── Records for processing

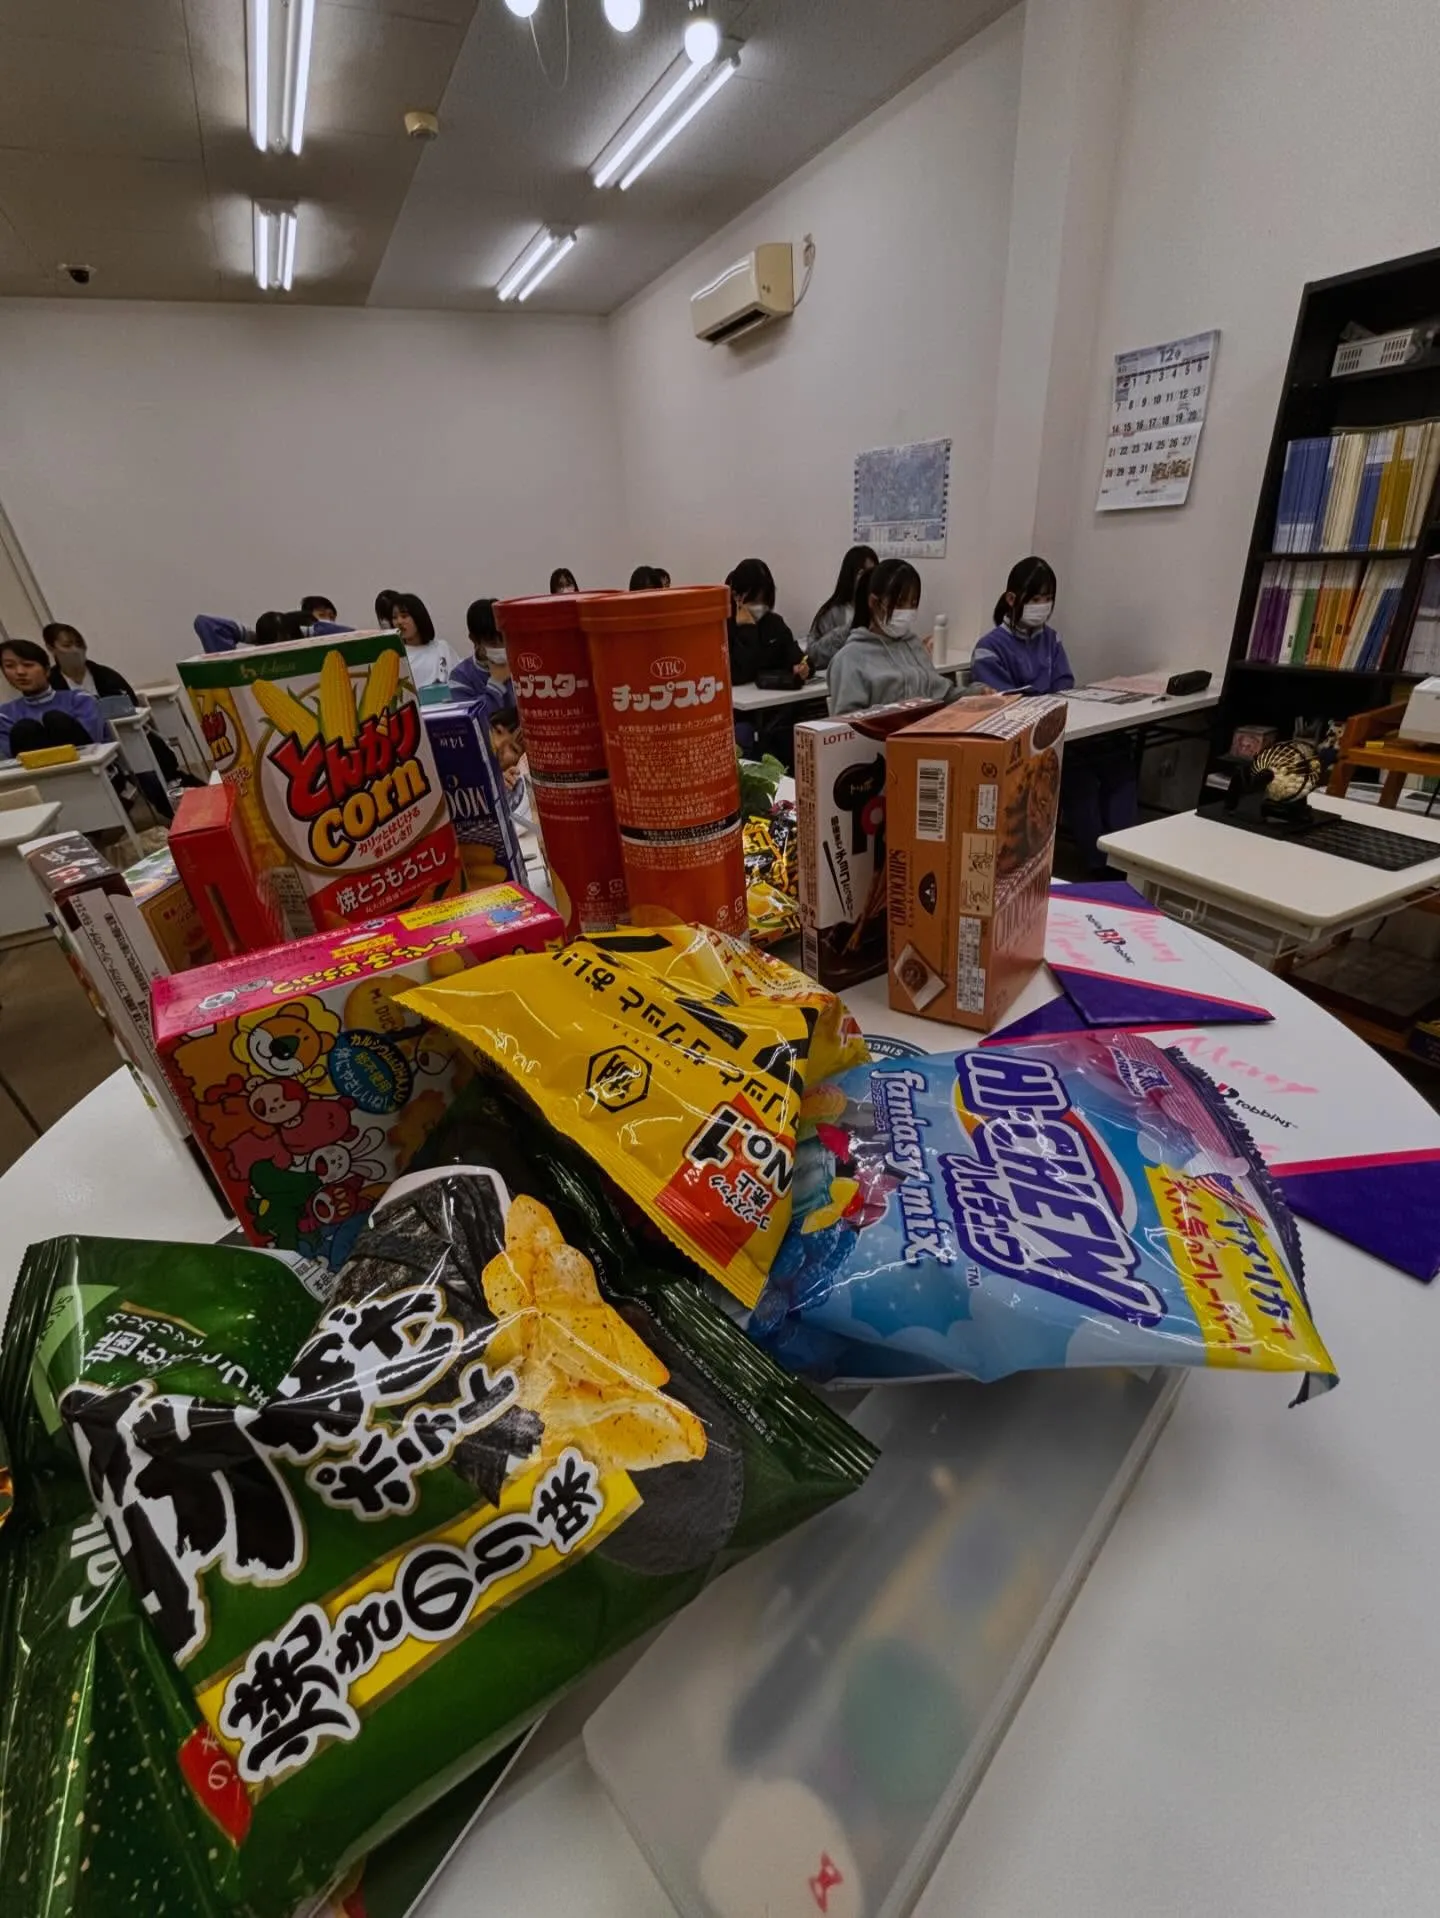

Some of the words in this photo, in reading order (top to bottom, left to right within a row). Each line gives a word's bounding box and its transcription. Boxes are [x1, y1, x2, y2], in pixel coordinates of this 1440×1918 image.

[521, 655, 539, 670] YBC
[654, 659, 683, 676] YBC
[612, 675, 724, 712] チップスター
[268, 702, 420, 818] とんがり
[823, 731, 856, 746] LOTTE
[312, 757, 430, 865] corn
[358, 807, 422, 857] カリッとはじける
[336, 846, 447, 915] 焼とうもろこし
[612, 1023, 682, 1076] KOIKEYA
[692, 1108, 794, 1193] No.1
[871, 1068, 929, 1186] fantasy
[903, 1182, 957, 1268] mix
[708, 1174, 771, 1232] コーンスナック
[735, 1171, 772, 1209] 売上
[106, 1312, 204, 1350] カリカリッと
[315, 1367, 514, 1514] ポテト
[227, 1455, 601, 1775] 焼きのり味
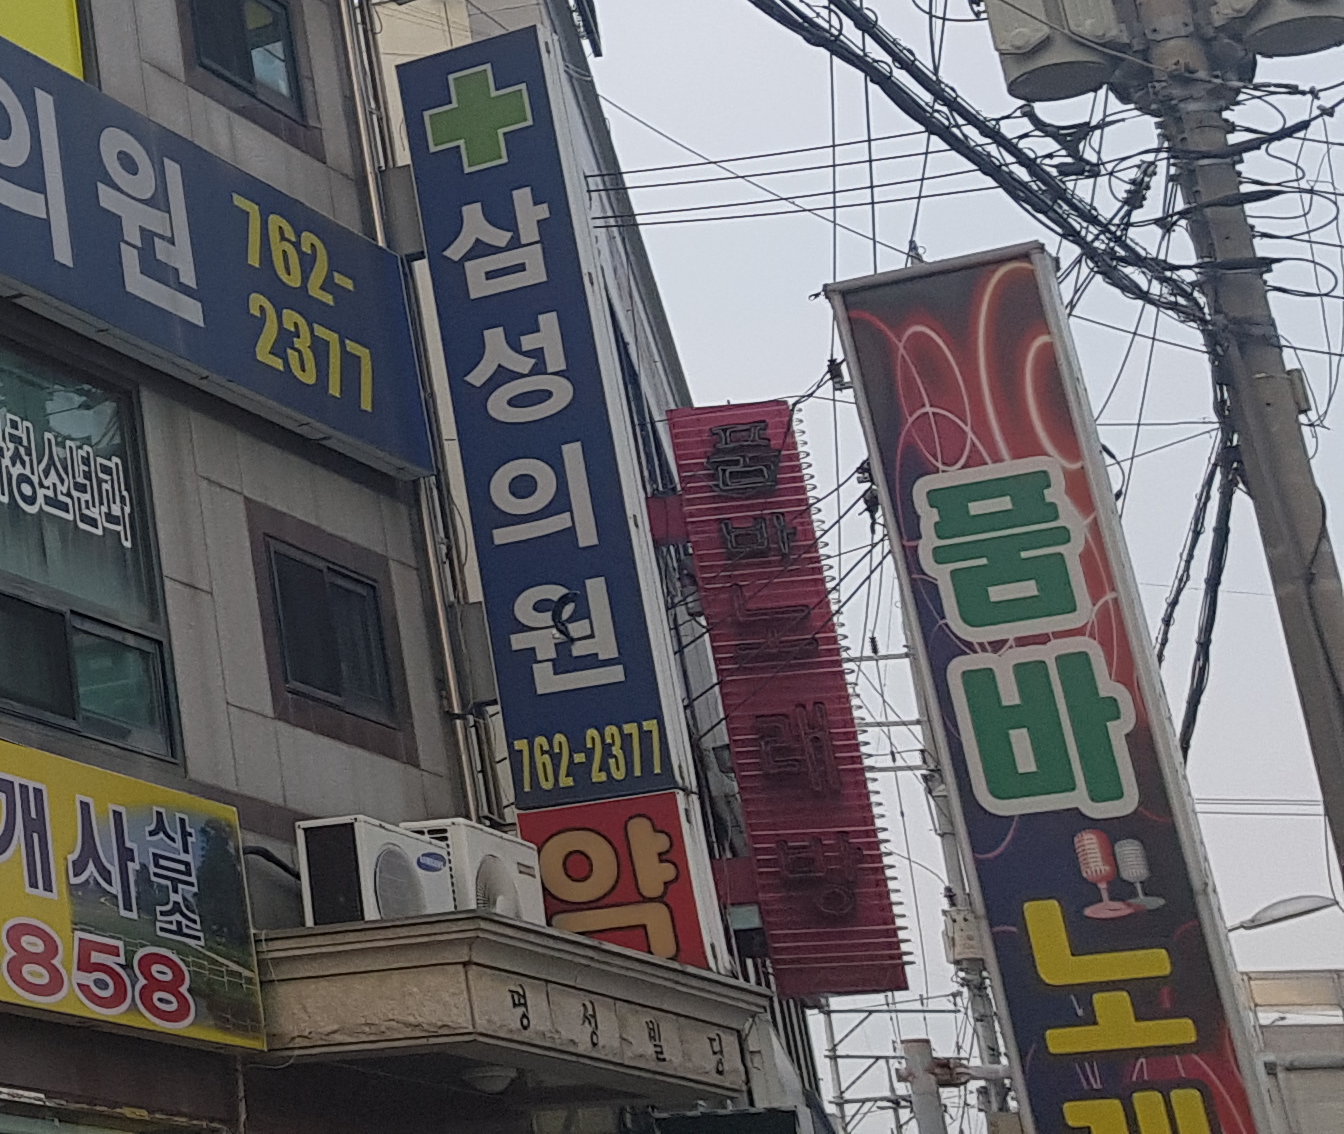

────

Task directions >> Produce the entries above once more, exactly as given, with each picture left out.

Expected answer >>
Some of the words in this photo, in reading order (top to bottom, left to right within a row). Each line gives a word's bounding box and its transcription. Boxes are [x1, y1, x2, y2], in pixel coordinates of this 1440×1918 image.

[521, 655, 539, 670] YBC
[654, 659, 683, 676] YBC
[612, 675, 724, 712] チップスター
[268, 702, 420, 818] とんがり
[823, 731, 856, 746] LOTTE
[312, 757, 430, 865] corn
[358, 807, 422, 857] カリッとはじける
[336, 846, 447, 915] 焼とうもろこし
[612, 1023, 682, 1076] KOIKEYA
[692, 1108, 794, 1193] No.1
[871, 1068, 929, 1186] fantasy
[903, 1182, 957, 1268] mix
[708, 1174, 771, 1232] コーンスナック
[735, 1171, 772, 1209] 売上
[106, 1312, 204, 1350] カリカリッと
[315, 1367, 514, 1514] ポテト
[227, 1455, 601, 1775] 焼きのり味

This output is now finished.